Spatial localization data:
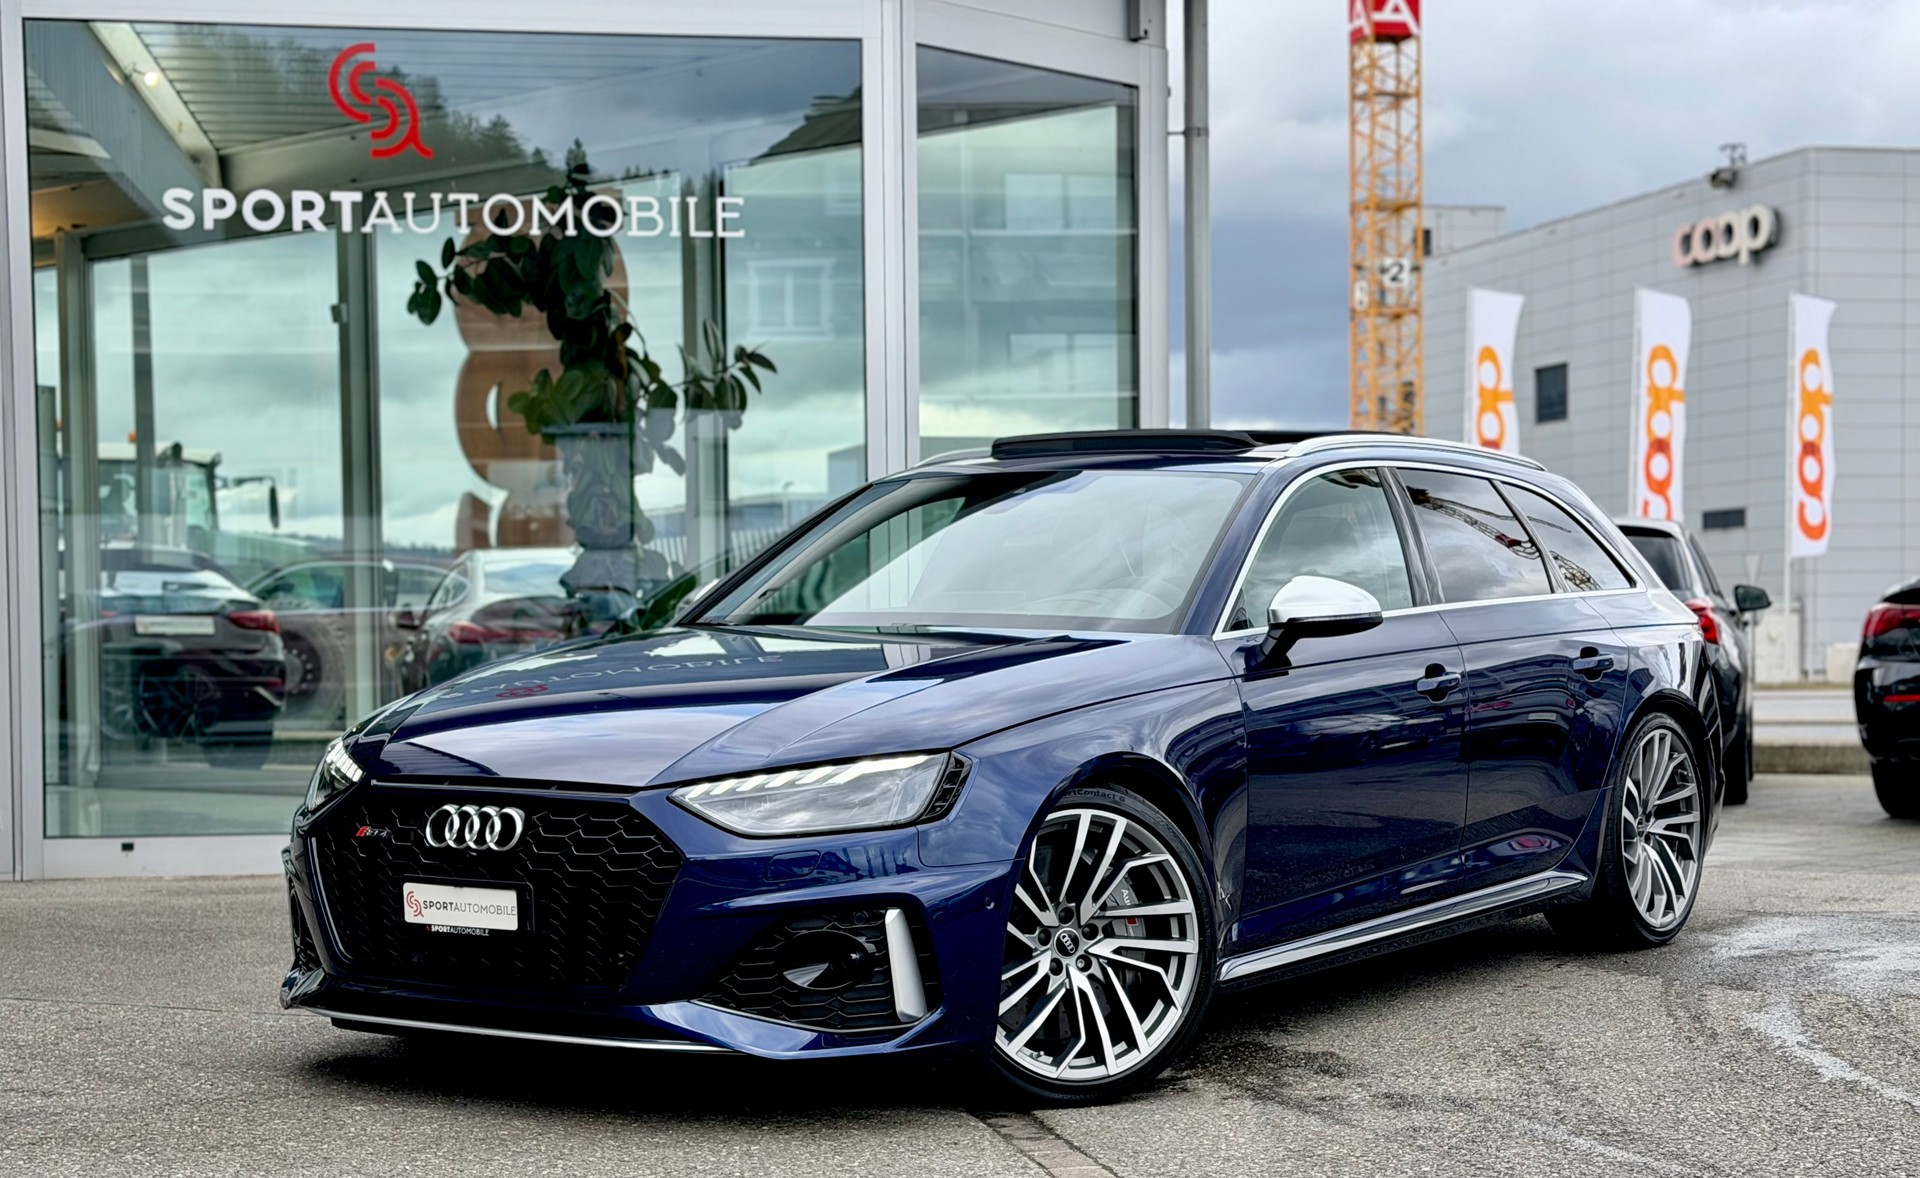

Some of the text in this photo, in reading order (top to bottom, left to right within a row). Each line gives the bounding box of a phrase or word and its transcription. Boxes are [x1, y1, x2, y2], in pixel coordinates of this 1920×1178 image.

[162, 187, 745, 238] SPORTAUTOMOBILE
[1670, 203, 1777, 267] coop
[1389, 262, 1405, 283] 2
[1476, 345, 1515, 449] op
[1798, 348, 1833, 541] coop
[422, 899, 517, 916] SPORTAUTOMOBILE
[430, 925, 490, 936] SPORTAUTOMOBILE
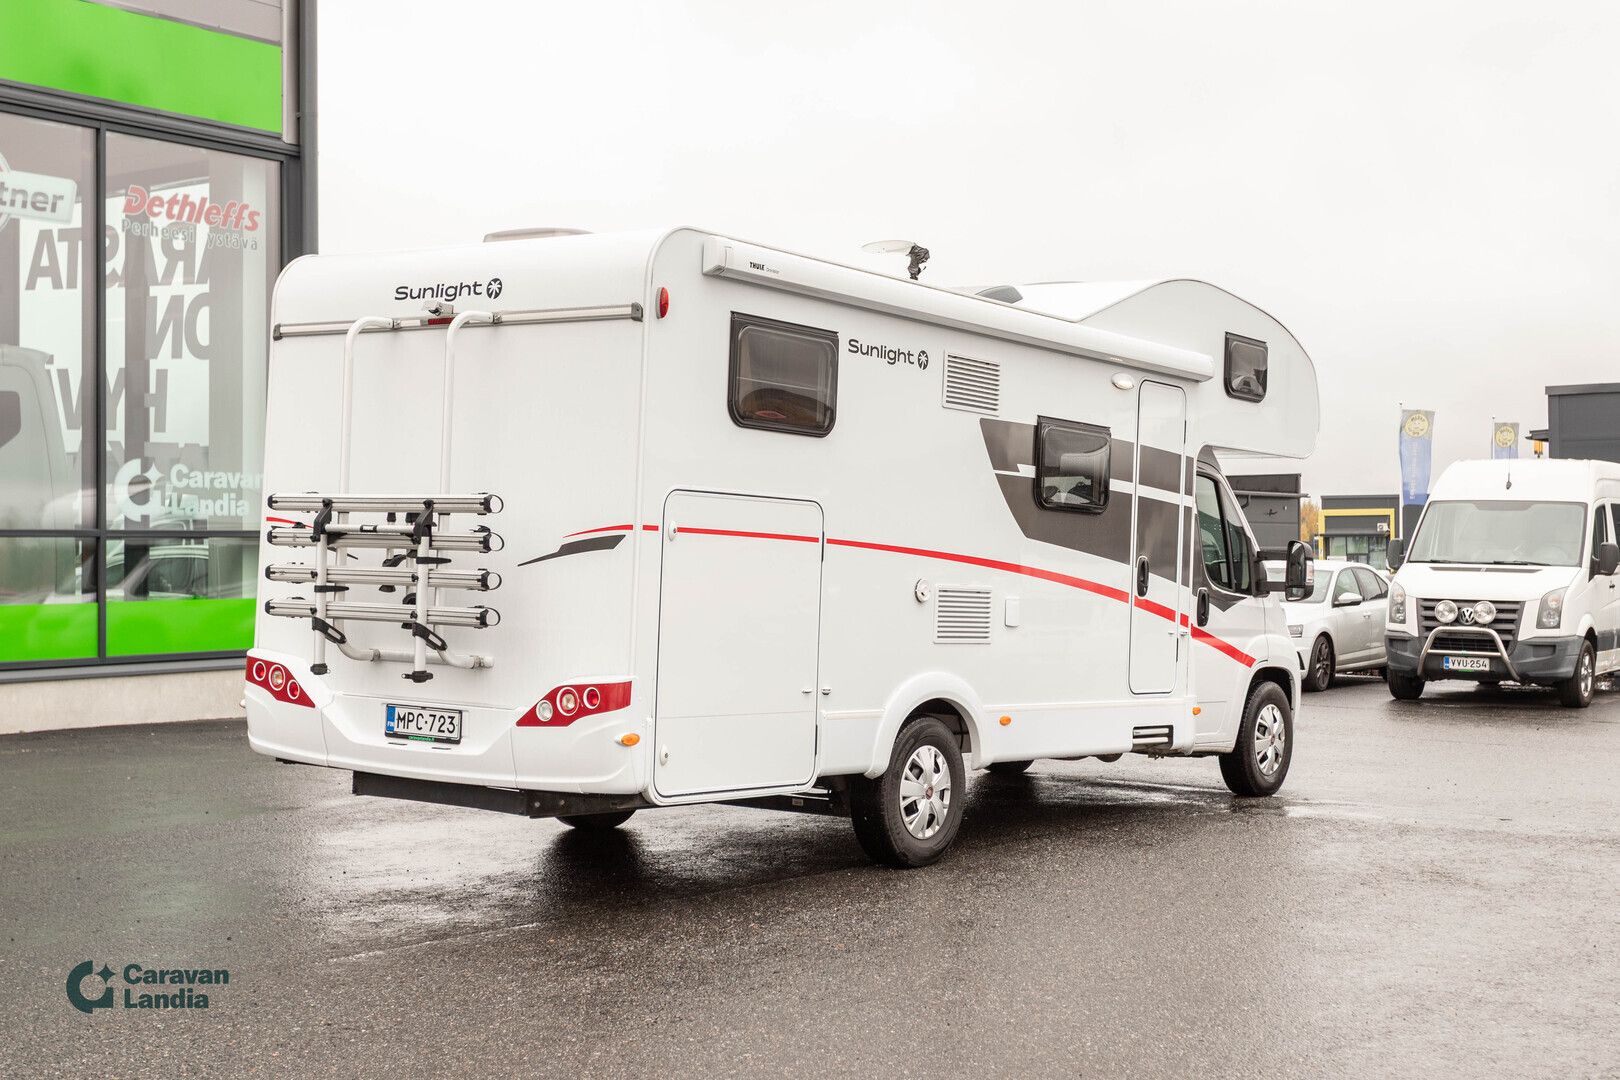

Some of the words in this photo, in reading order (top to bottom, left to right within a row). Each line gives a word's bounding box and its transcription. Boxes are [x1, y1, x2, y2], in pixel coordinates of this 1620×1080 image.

[123, 184, 262, 231] Dethleffs
[749, 261, 765, 271] THULE
[394, 280, 483, 302] Sunlight
[847, 338, 915, 366] Sunlight
[171, 491, 250, 517] Landia
[396, 711, 456, 734] MPC-723

> **Assignment**: Text only, no pictures: copy every entry exactly.

> **Answer for this exercise**:
Some of the text in this photo, in reading order (top to bottom, left to right within a row). Each line gives the bounding box of a phrase or word and its transcription. Boxes are [x1, y1, x2, y2], in pixel coordinates of this 1920×1178 image.

[162, 187, 745, 238] SPORTAUTOMOBILE
[1670, 203, 1777, 267] coop
[1389, 262, 1405, 283] 2
[1476, 345, 1515, 449] op
[1798, 348, 1833, 541] coop
[422, 899, 517, 916] SPORTAUTOMOBILE
[430, 925, 490, 936] SPORTAUTOMOBILE

Some of the words in this photo, in reading order (top to bottom, left to right within a row). Each line gives a word's bounding box and its transcription. Boxes are [x1, y1, x2, y2], in pixel coordinates of this 1620×1080 image.

[123, 184, 262, 231] Dethleffs
[749, 261, 765, 271] THULE
[394, 280, 483, 302] Sunlight
[847, 338, 915, 366] Sunlight
[171, 491, 250, 517] Landia
[396, 711, 456, 734] MPC-723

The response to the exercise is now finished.